◆ Exercise
Pictures aside, print all of the data below exactly as written.

◆ Provided material
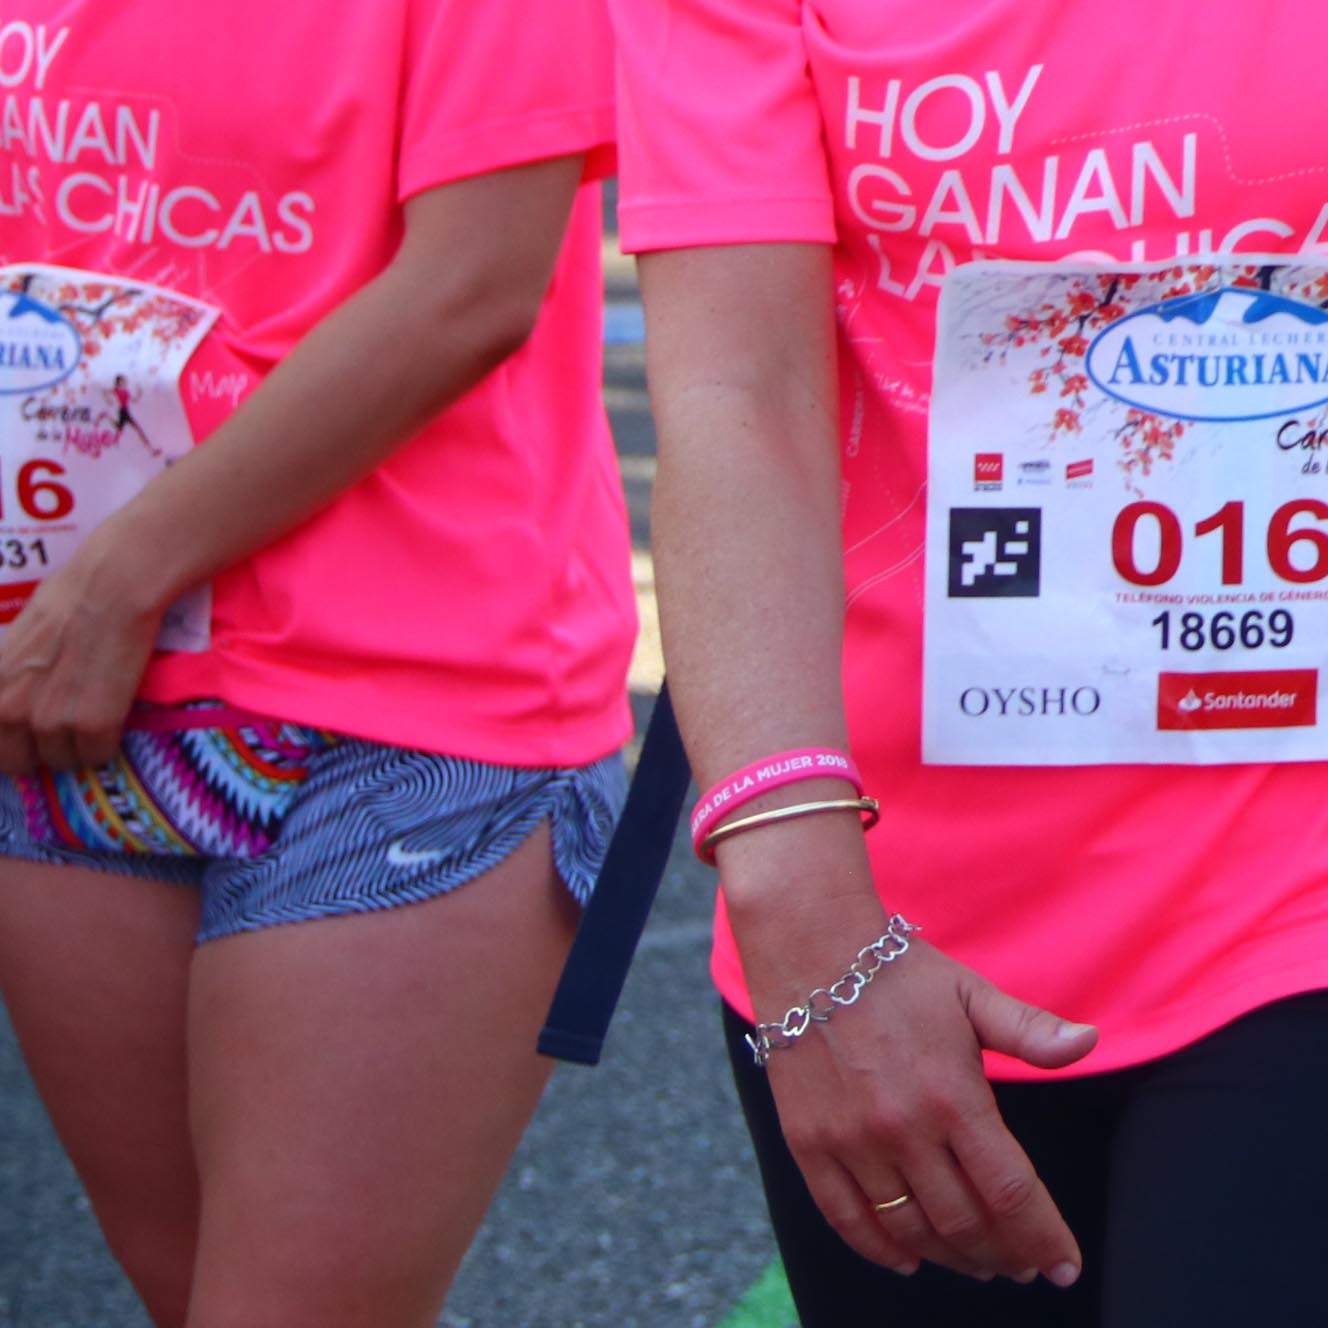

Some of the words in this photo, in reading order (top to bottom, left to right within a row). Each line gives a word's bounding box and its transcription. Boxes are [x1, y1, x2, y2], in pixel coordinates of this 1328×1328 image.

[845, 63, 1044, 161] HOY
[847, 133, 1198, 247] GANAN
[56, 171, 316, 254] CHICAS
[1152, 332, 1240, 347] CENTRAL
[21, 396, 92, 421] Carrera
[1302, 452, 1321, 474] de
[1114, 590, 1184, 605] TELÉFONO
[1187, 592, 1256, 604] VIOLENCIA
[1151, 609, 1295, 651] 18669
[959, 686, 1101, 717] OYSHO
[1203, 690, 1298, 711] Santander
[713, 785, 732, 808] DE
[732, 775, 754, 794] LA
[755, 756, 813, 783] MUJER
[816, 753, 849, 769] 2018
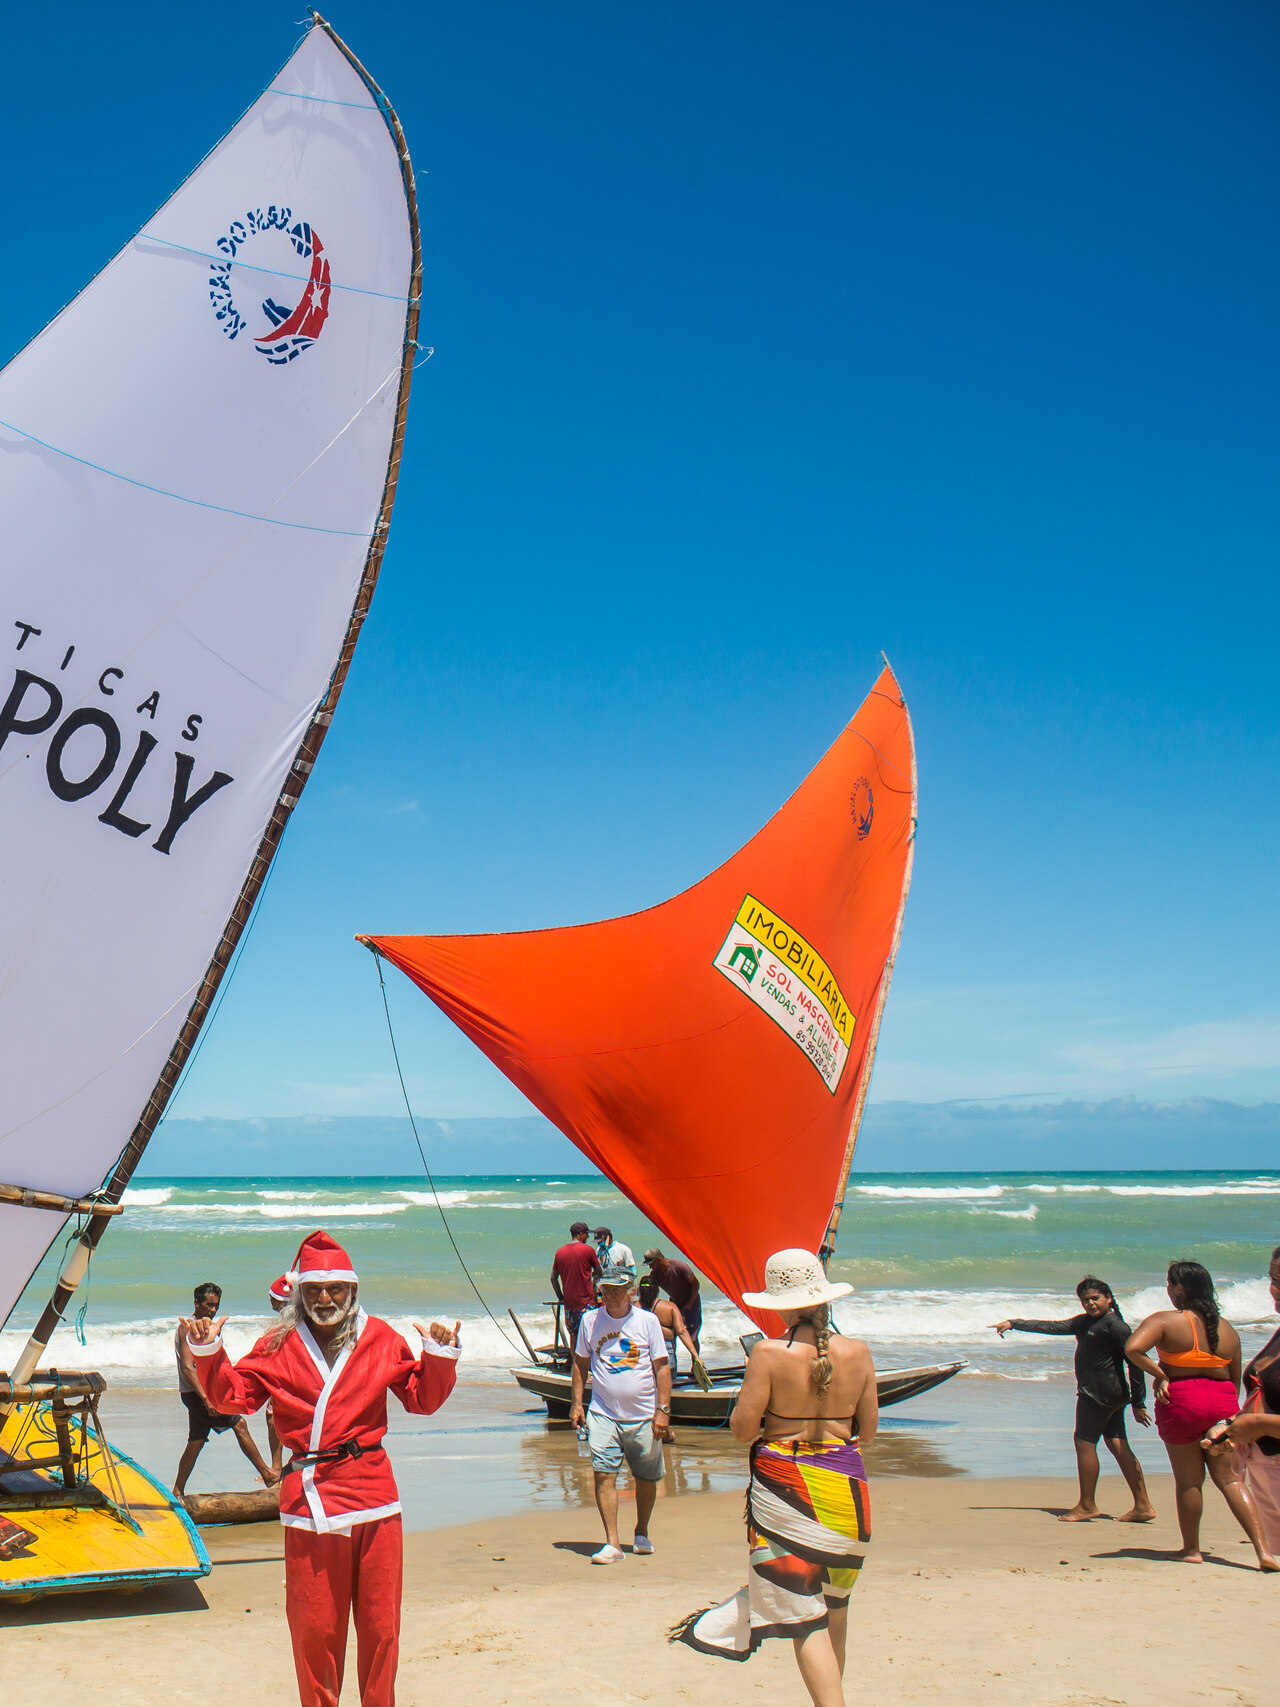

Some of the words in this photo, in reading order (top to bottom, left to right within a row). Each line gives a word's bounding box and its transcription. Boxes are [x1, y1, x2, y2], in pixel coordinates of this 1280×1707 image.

◆ Solution
Some of the words in this photo, in reading order (top to bottom, left to right within a row). Each line gives a word's bounding box and its transcription. Boxes are [x1, y1, x2, y2], in pixel coordinates of this 1328×1328 image.

[845, 63, 1044, 161] HOY
[847, 133, 1198, 247] GANAN
[56, 171, 316, 254] CHICAS
[1152, 332, 1240, 347] CENTRAL
[21, 396, 92, 421] Carrera
[1302, 452, 1321, 474] de
[1114, 590, 1184, 605] TELÉFONO
[1187, 592, 1256, 604] VIOLENCIA
[1151, 609, 1295, 651] 18669
[959, 686, 1101, 717] OYSHO
[1203, 690, 1298, 711] Santander
[713, 785, 732, 808] DE
[732, 775, 754, 794] LA
[755, 756, 813, 783] MUJER
[816, 753, 849, 769] 2018

Some of the words in this photo, in reading order (top to bottom, left to right within a row). Each line gives a word's bounding box and its transcription. Boxes are [x1, y1, x2, y2], in pixel coordinates of this 1280×1707 image.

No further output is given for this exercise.